In no particular order:

  • The units are absolutely meaningless. If humans are to a zeroth approximation cylinders with comparable aspect ratios and average density, then weight is proportional to volume, which is proportional to height cubed, but BMI is the ratio of weight with height squared. NB: This is only a zeroth approximation; tall people tend to have different aspect ratios, and the power law approximation is probably better served by an exponent somewhere between two and three. See MacKay for more details.
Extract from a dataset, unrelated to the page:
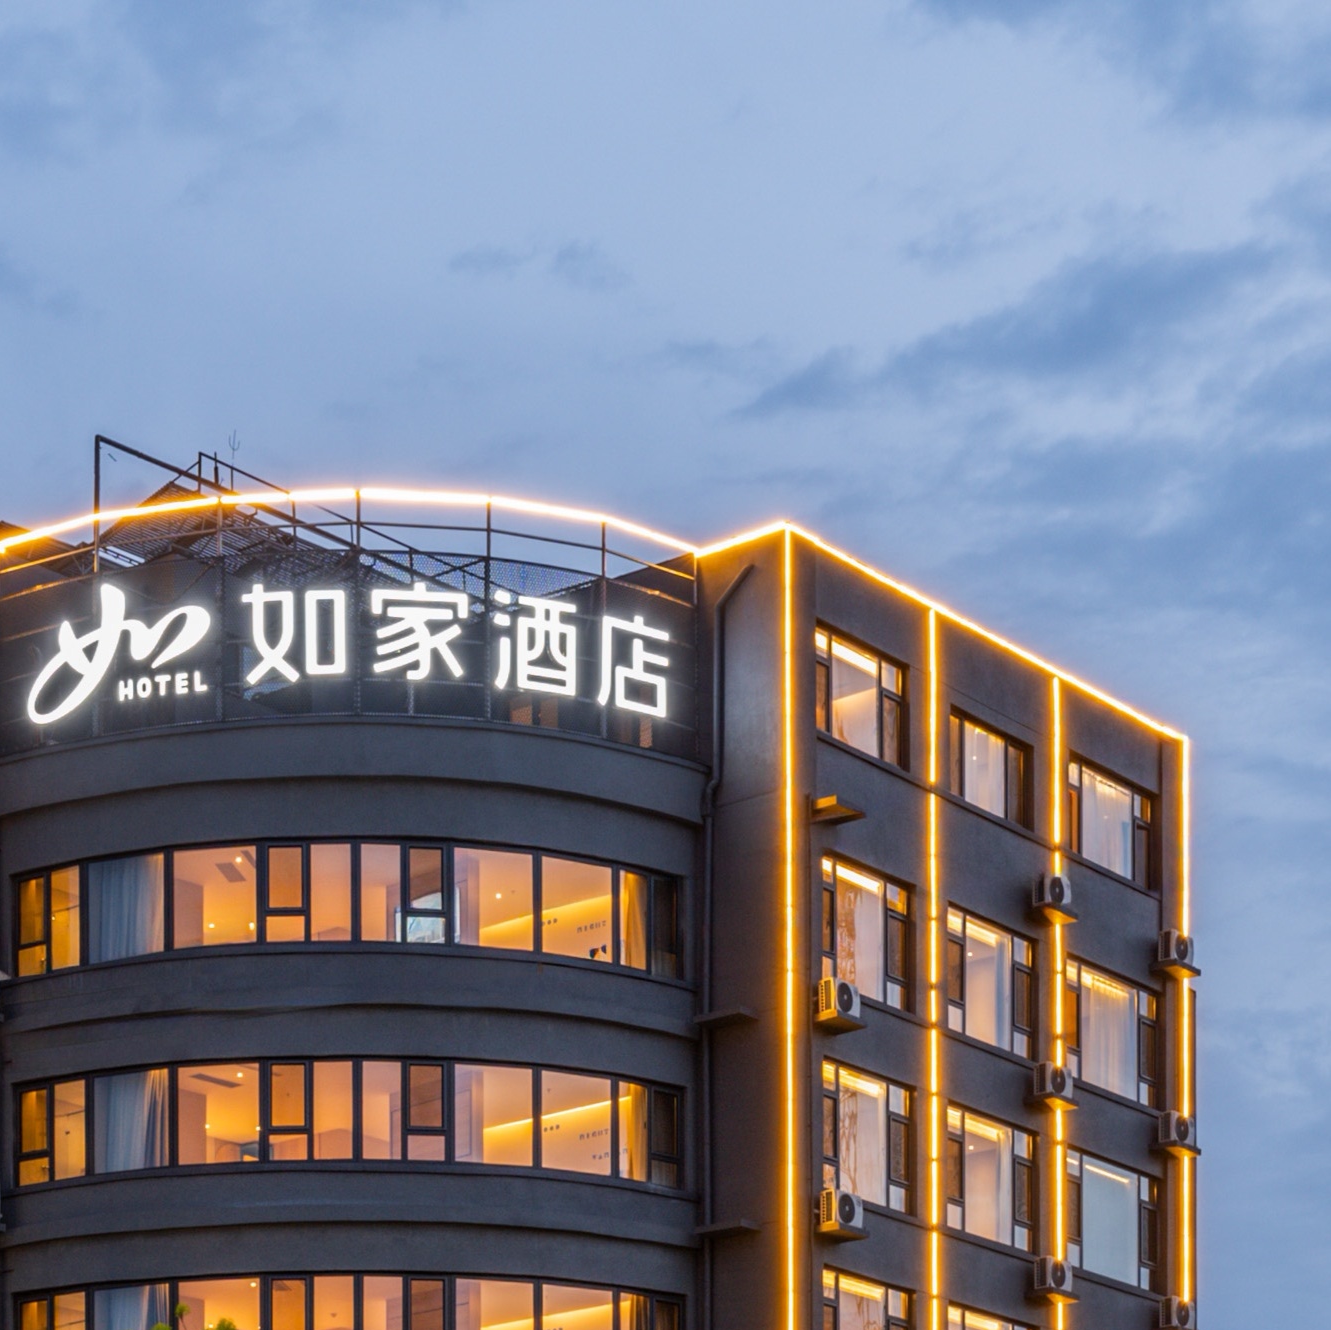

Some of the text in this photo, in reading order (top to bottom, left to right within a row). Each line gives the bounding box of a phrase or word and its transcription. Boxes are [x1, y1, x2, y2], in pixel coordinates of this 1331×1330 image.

[118, 670, 208, 701] HOTEL
[241, 582, 670, 718] 如家酒店
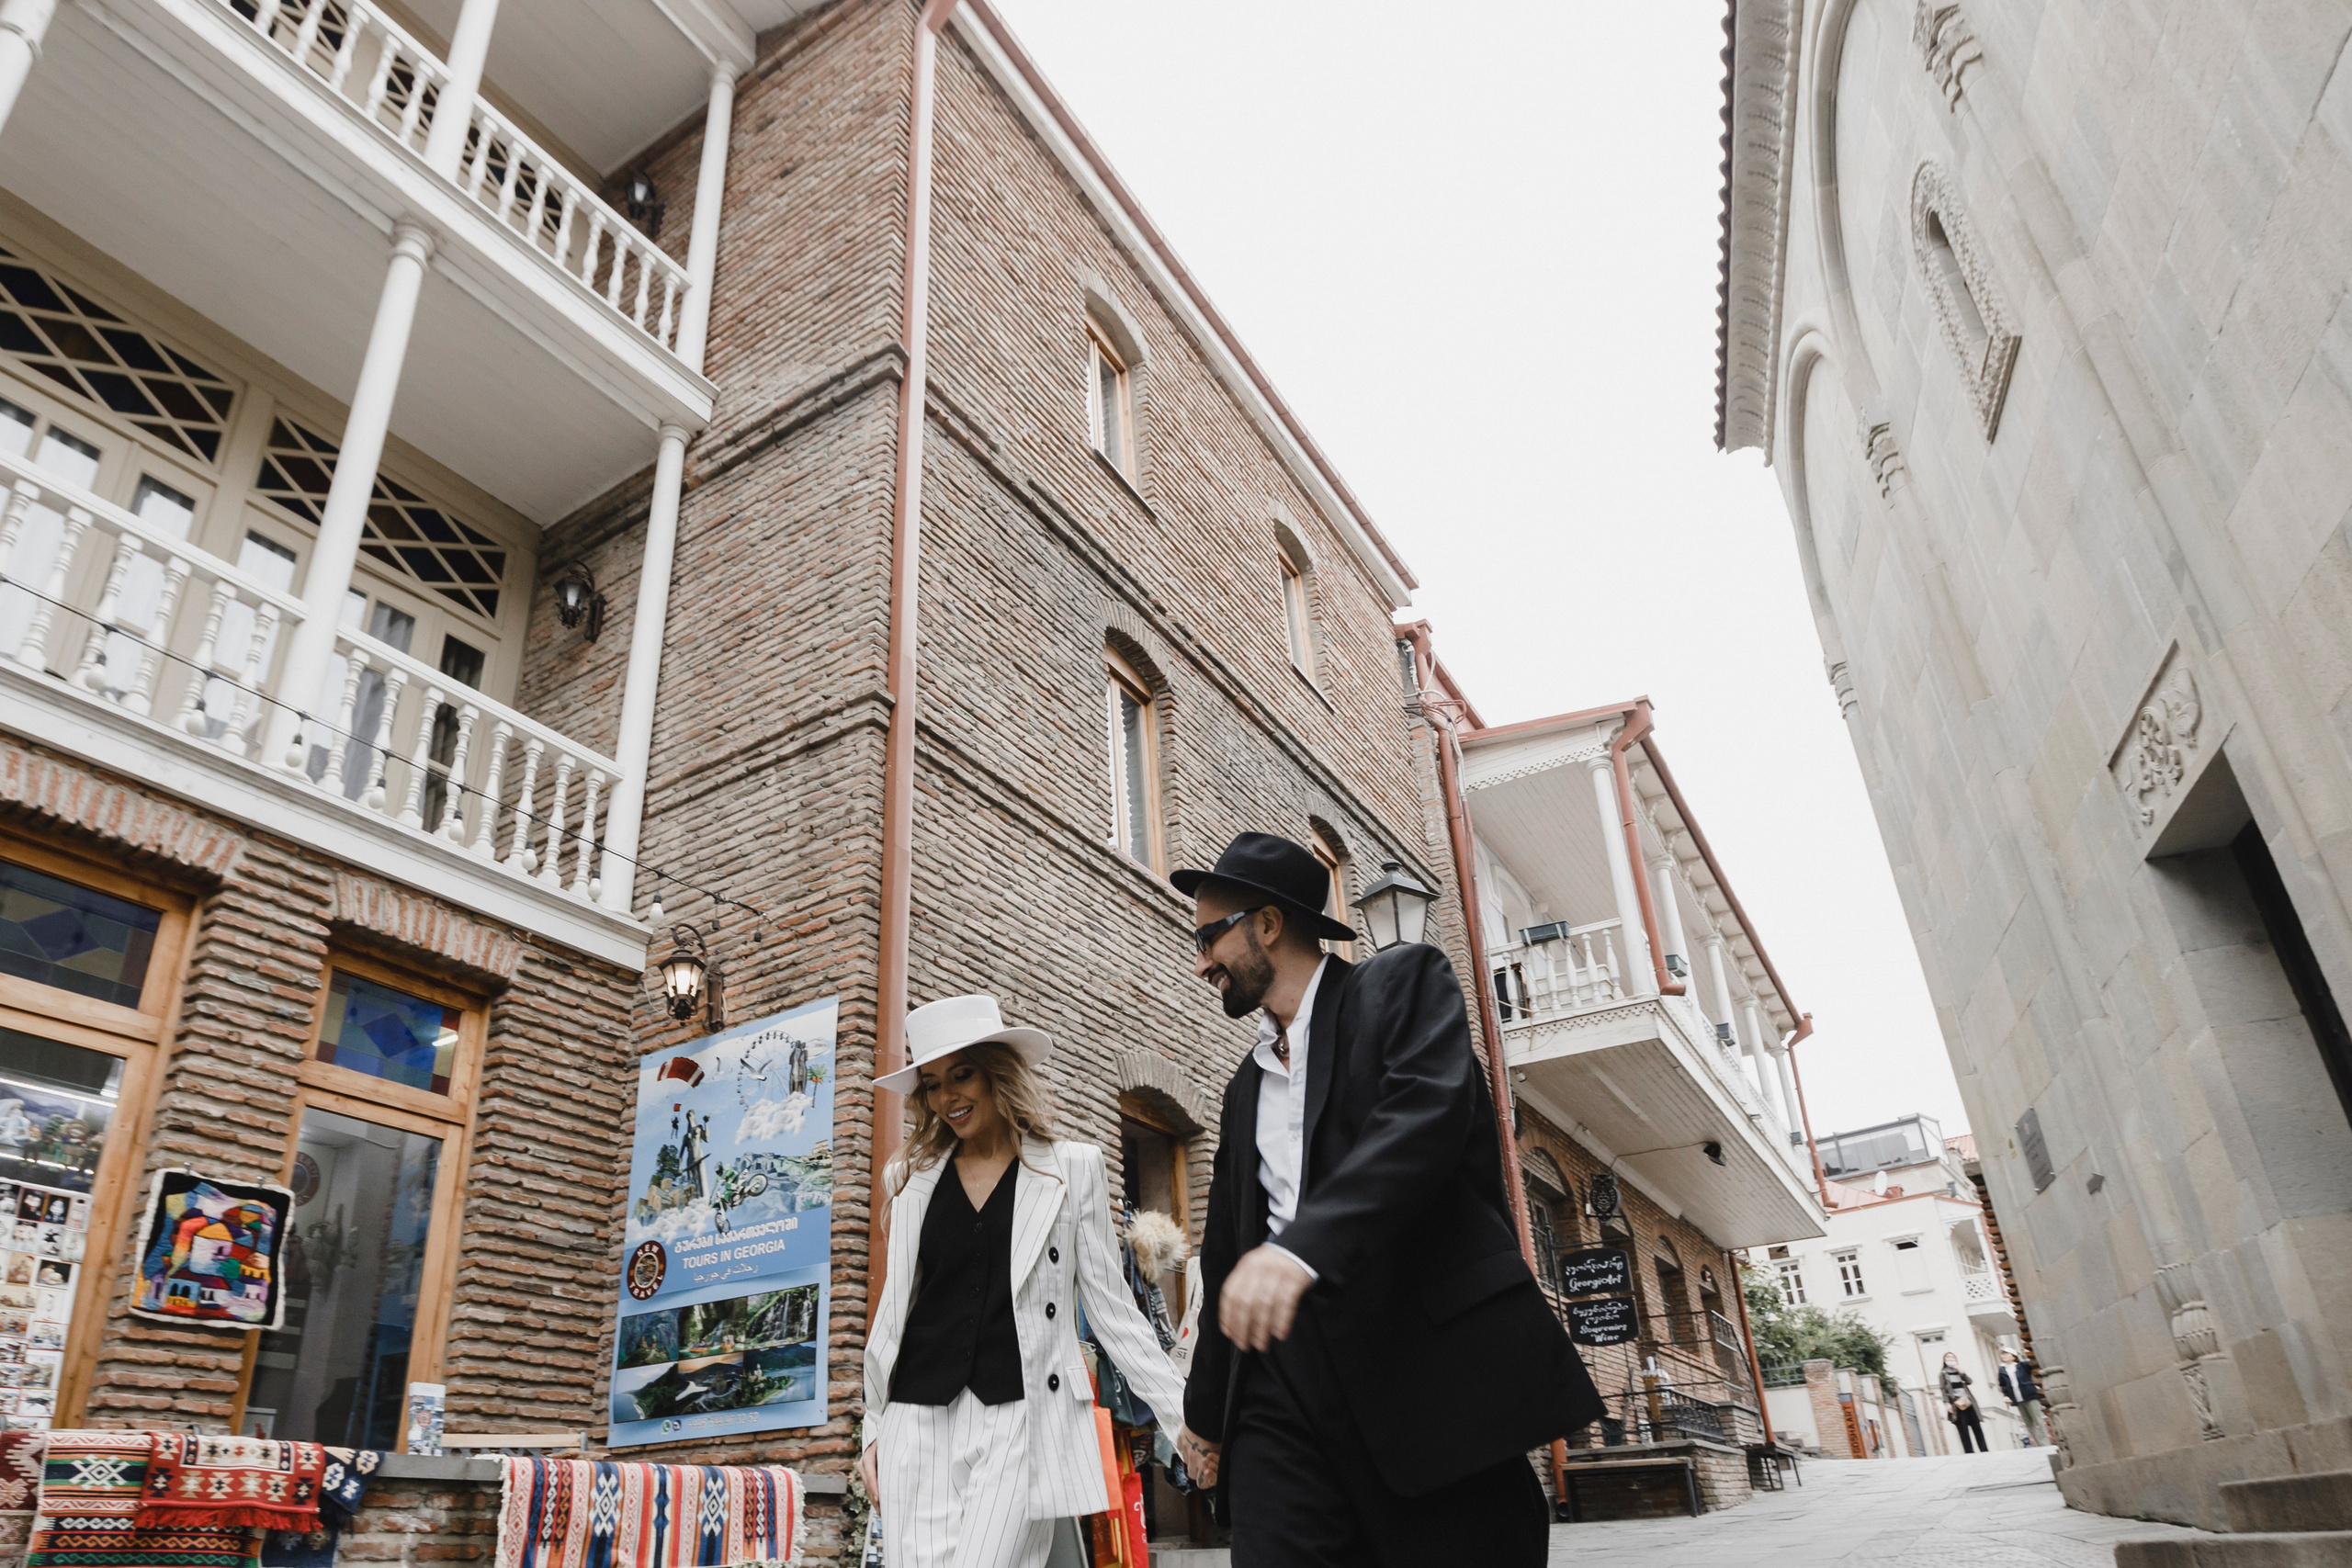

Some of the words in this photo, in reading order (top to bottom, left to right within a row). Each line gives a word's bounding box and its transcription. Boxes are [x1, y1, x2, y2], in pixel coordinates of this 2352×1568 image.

  • BMI gives less information than intuition on extreme cases: army1987's grandmother is indistinguishable from a 2000-era bodybuilder. The classical response to this objection is that BMI needs to be augmented with other statistics (typically given ad-hoc: waist-to-height ratio, waist circumference, body fat percentage, and etc.), but this is not how BMI is used "in the wild." I've observed several online cases (yes, this is weak evidence here) of both 25-30's becoming obsessed with getting down to 20-25 (even at the expense of muscle), and on the other end 17-20's becoming obsessed with not going over 25 (even through gaining muscle).

  • Even if BMI alone doesn't help us classify the ~35+ and the ~20- folks, it is possible to argue that it is useful for the people in between. At this point Goodhart's law kicks in: the "easiest" (for some value of ease) way to lower your BMI is to get a liposuction (or more absurdly, an amputation), but that has little effect on overall health. Less absurdly, I claim that body composition is just too varied and complicated to be reasonably treated with a single statistic.

  • There is a good amount of fake accuracy in reporting BMI to three significant figures, as mass in kilograms is usually only accurate to 1.2-1.5 places. Even healthy people gain and/or lose two or three kilograms over the course of a year.

  • For obesity diagnosis (i.e., in a medical setting), BMI is easily replaced with, in decreasing order of accuracy and cost, 1) displacement measurement of body fat percentage, 2) electrical measurement of body fat percentage (despite being horrifically lossy), 3) qualitative visual assessment of body fat percentage.

  • For overall health (i.e., in a non-medical setting), BMI is less easily replaced with body fat percentage. Setting aside akrasia, there's a great deal of psychological baggage that tends to mind-kill one's ability to judge one's own weight. To make matters worse, my own criteria (weight maintained after puberty in an active lifestyle) is depressingly ineffective in light of widespread childhood obesity. I admit I don't yet have a good solution to this problem, but I claim that BMI obsession is overall more harmful than whatever lay purpose it serves.

Comment author: [deleted] 07 June 2012 01:10:27PM 1 point [-]

At this point Goodhart's law kicks in

Do people have any incentive to be interested in the number on the scales itself, regardless of its effects on health and looks?

Comment author: [deleted] 07 June 2012 01:22:47PM *  4 points [-]

I don't know for certain, but it seems to me that a common failure mode for people struggling with weight is paying too much concern to various statistics, invented or not.

Disclaimer: I don't believe the following is good general advice. I don't have any theory backing it up.

At this point, in my own current work, the most useful thing I've implemented is applying the nameless virtue to this. If I want to look better, then I need to have goals that involve looking better; if I want more endurance, I need to have goals that involve running harder and longer, and etc. It seems trivial but I don't see very much of it in the fitness community.

Comment author: NancyLebovitz 07 June 2012 03:48:31PM 1 point [-]

Fit Fatties

Ragen Chastain

I'm not going to say that athletic fat people are typical, but they do exist.